(Saved data entries)
:::::

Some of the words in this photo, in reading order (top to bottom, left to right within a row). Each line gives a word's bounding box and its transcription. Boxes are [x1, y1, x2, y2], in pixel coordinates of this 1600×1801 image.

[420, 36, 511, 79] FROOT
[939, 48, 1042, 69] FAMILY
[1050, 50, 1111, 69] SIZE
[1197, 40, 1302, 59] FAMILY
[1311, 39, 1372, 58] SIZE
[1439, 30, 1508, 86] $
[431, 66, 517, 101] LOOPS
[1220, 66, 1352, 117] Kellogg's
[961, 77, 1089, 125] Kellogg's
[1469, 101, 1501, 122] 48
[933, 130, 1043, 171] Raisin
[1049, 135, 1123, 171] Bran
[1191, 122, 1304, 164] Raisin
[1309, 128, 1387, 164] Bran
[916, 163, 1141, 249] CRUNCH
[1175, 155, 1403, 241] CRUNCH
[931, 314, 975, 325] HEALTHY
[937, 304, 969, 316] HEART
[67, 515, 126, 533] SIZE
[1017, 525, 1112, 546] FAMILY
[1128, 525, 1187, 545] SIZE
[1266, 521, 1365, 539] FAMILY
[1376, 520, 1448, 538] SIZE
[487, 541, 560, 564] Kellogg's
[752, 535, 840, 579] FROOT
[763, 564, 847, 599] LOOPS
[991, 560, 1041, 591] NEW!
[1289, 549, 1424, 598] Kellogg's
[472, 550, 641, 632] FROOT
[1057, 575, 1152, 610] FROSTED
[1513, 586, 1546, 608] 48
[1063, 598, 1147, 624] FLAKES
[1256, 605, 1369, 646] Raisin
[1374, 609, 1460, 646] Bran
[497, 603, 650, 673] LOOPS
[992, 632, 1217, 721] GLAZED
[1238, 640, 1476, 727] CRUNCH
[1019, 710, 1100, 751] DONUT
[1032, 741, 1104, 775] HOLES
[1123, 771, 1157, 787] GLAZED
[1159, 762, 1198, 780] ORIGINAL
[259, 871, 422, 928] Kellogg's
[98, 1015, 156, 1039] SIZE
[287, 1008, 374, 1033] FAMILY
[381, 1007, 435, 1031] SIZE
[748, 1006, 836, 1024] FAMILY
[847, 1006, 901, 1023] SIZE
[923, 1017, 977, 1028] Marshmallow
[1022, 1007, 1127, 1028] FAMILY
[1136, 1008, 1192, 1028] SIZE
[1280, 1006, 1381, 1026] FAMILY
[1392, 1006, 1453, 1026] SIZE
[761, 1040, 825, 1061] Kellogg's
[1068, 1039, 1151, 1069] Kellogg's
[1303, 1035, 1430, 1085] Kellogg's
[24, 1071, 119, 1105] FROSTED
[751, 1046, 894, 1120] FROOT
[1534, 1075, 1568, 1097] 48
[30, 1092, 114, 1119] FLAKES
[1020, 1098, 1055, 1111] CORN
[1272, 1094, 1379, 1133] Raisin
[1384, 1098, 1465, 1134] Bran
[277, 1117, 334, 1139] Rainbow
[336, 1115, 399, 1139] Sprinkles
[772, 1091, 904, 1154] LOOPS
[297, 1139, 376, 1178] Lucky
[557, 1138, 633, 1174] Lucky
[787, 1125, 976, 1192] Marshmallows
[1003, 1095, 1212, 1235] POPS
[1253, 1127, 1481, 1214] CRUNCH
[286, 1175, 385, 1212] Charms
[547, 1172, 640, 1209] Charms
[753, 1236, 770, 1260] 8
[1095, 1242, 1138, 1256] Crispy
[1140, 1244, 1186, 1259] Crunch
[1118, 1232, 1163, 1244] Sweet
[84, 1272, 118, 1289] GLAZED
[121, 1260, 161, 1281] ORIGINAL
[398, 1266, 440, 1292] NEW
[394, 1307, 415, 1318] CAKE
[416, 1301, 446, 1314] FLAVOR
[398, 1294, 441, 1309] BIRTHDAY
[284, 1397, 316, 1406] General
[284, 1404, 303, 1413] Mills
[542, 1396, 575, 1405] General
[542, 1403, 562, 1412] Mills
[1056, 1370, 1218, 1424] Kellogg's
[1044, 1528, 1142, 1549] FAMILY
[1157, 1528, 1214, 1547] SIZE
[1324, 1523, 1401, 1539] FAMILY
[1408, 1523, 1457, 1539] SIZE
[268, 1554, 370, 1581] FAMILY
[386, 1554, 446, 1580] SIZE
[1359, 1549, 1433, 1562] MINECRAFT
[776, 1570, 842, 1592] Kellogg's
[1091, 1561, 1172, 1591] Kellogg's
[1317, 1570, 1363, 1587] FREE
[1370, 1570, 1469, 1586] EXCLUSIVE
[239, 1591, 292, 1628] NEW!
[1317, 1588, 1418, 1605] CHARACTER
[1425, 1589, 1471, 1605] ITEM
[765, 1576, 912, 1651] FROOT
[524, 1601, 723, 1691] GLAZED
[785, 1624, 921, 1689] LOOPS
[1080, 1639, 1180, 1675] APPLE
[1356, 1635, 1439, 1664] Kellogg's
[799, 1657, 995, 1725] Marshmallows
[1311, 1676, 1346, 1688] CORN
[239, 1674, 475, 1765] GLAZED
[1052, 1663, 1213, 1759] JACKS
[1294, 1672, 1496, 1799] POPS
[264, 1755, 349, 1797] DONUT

:::::

### TASK:
All lines of the data are to be repeated exactly as they stand.

### EXPECTED OUTPUT:
Some of the words in this photo, in reading order (top to bottom, left to right within a row). Each line gives a word's bounding box and its transcription. Boxes are [x1, y1, x2, y2], in pixel coordinates of this 1600×1801 image.

[420, 36, 511, 79] FROOT
[939, 48, 1042, 69] FAMILY
[1050, 50, 1111, 69] SIZE
[1197, 40, 1302, 59] FAMILY
[1311, 39, 1372, 58] SIZE
[1439, 30, 1508, 86] $
[431, 66, 517, 101] LOOPS
[1220, 66, 1352, 117] Kellogg's
[961, 77, 1089, 125] Kellogg's
[1469, 101, 1501, 122] 48
[933, 130, 1043, 171] Raisin
[1049, 135, 1123, 171] Bran
[1191, 122, 1304, 164] Raisin
[1309, 128, 1387, 164] Bran
[916, 163, 1141, 249] CRUNCH
[1175, 155, 1403, 241] CRUNCH
[931, 314, 975, 325] HEALTHY
[937, 304, 969, 316] HEART
[67, 515, 126, 533] SIZE
[1017, 525, 1112, 546] FAMILY
[1128, 525, 1187, 545] SIZE
[1266, 521, 1365, 539] FAMILY
[1376, 520, 1448, 538] SIZE
[487, 541, 560, 564] Kellogg's
[752, 535, 840, 579] FROOT
[763, 564, 847, 599] LOOPS
[991, 560, 1041, 591] NEW!
[1289, 549, 1424, 598] Kellogg's
[472, 550, 641, 632] FROOT
[1057, 575, 1152, 610] FROSTED
[1513, 586, 1546, 608] 48
[1063, 598, 1147, 624] FLAKES
[1256, 605, 1369, 646] Raisin
[1374, 609, 1460, 646] Bran
[497, 603, 650, 673] LOOPS
[992, 632, 1217, 721] GLAZED
[1238, 640, 1476, 727] CRUNCH
[1019, 710, 1100, 751] DONUT
[1032, 741, 1104, 775] HOLES
[1123, 771, 1157, 787] GLAZED
[1159, 762, 1198, 780] ORIGINAL
[259, 871, 422, 928] Kellogg's
[98, 1015, 156, 1039] SIZE
[287, 1008, 374, 1033] FAMILY
[381, 1007, 435, 1031] SIZE
[748, 1006, 836, 1024] FAMILY
[847, 1006, 901, 1023] SIZE
[923, 1017, 977, 1028] Marshmallow
[1022, 1007, 1127, 1028] FAMILY
[1136, 1008, 1192, 1028] SIZE
[1280, 1006, 1381, 1026] FAMILY
[1392, 1006, 1453, 1026] SIZE
[761, 1040, 825, 1061] Kellogg's
[1068, 1039, 1151, 1069] Kellogg's
[1303, 1035, 1430, 1085] Kellogg's
[24, 1071, 119, 1105] FROSTED
[751, 1046, 894, 1120] FROOT
[1534, 1075, 1568, 1097] 48
[30, 1092, 114, 1119] FLAKES
[1020, 1098, 1055, 1111] CORN
[1272, 1094, 1379, 1133] Raisin
[1384, 1098, 1465, 1134] Bran
[277, 1117, 334, 1139] Rainbow
[336, 1115, 399, 1139] Sprinkles
[772, 1091, 904, 1154] LOOPS
[297, 1139, 376, 1178] Lucky
[557, 1138, 633, 1174] Lucky
[787, 1125, 976, 1192] Marshmallows
[1003, 1095, 1212, 1235] POPS
[1253, 1127, 1481, 1214] CRUNCH
[286, 1175, 385, 1212] Charms
[547, 1172, 640, 1209] Charms
[753, 1236, 770, 1260] 8
[1095, 1242, 1138, 1256] Crispy
[1140, 1244, 1186, 1259] Crunch
[1118, 1232, 1163, 1244] Sweet
[84, 1272, 118, 1289] GLAZED
[121, 1260, 161, 1281] ORIGINAL
[398, 1266, 440, 1292] NEW
[394, 1307, 415, 1318] CAKE
[416, 1301, 446, 1314] FLAVOR
[398, 1294, 441, 1309] BIRTHDAY
[284, 1397, 316, 1406] General
[284, 1404, 303, 1413] Mills
[542, 1396, 575, 1405] General
[542, 1403, 562, 1412] Mills
[1056, 1370, 1218, 1424] Kellogg's
[1044, 1528, 1142, 1549] FAMILY
[1157, 1528, 1214, 1547] SIZE
[1324, 1523, 1401, 1539] FAMILY
[1408, 1523, 1457, 1539] SIZE
[268, 1554, 370, 1581] FAMILY
[386, 1554, 446, 1580] SIZE
[1359, 1549, 1433, 1562] MINECRAFT
[776, 1570, 842, 1592] Kellogg's
[1091, 1561, 1172, 1591] Kellogg's
[1317, 1570, 1363, 1587] FREE
[1370, 1570, 1469, 1586] EXCLUSIVE
[239, 1591, 292, 1628] NEW!
[1317, 1588, 1418, 1605] CHARACTER
[1425, 1589, 1471, 1605] ITEM
[765, 1576, 912, 1651] FROOT
[524, 1601, 723, 1691] GLAZED
[785, 1624, 921, 1689] LOOPS
[1080, 1639, 1180, 1675] APPLE
[1356, 1635, 1439, 1664] Kellogg's
[799, 1657, 995, 1725] Marshmallows
[1311, 1676, 1346, 1688] CORN
[239, 1674, 475, 1765] GLAZED
[1052, 1663, 1213, 1759] JACKS
[1294, 1672, 1496, 1799] POPS
[264, 1755, 349, 1797] DONUT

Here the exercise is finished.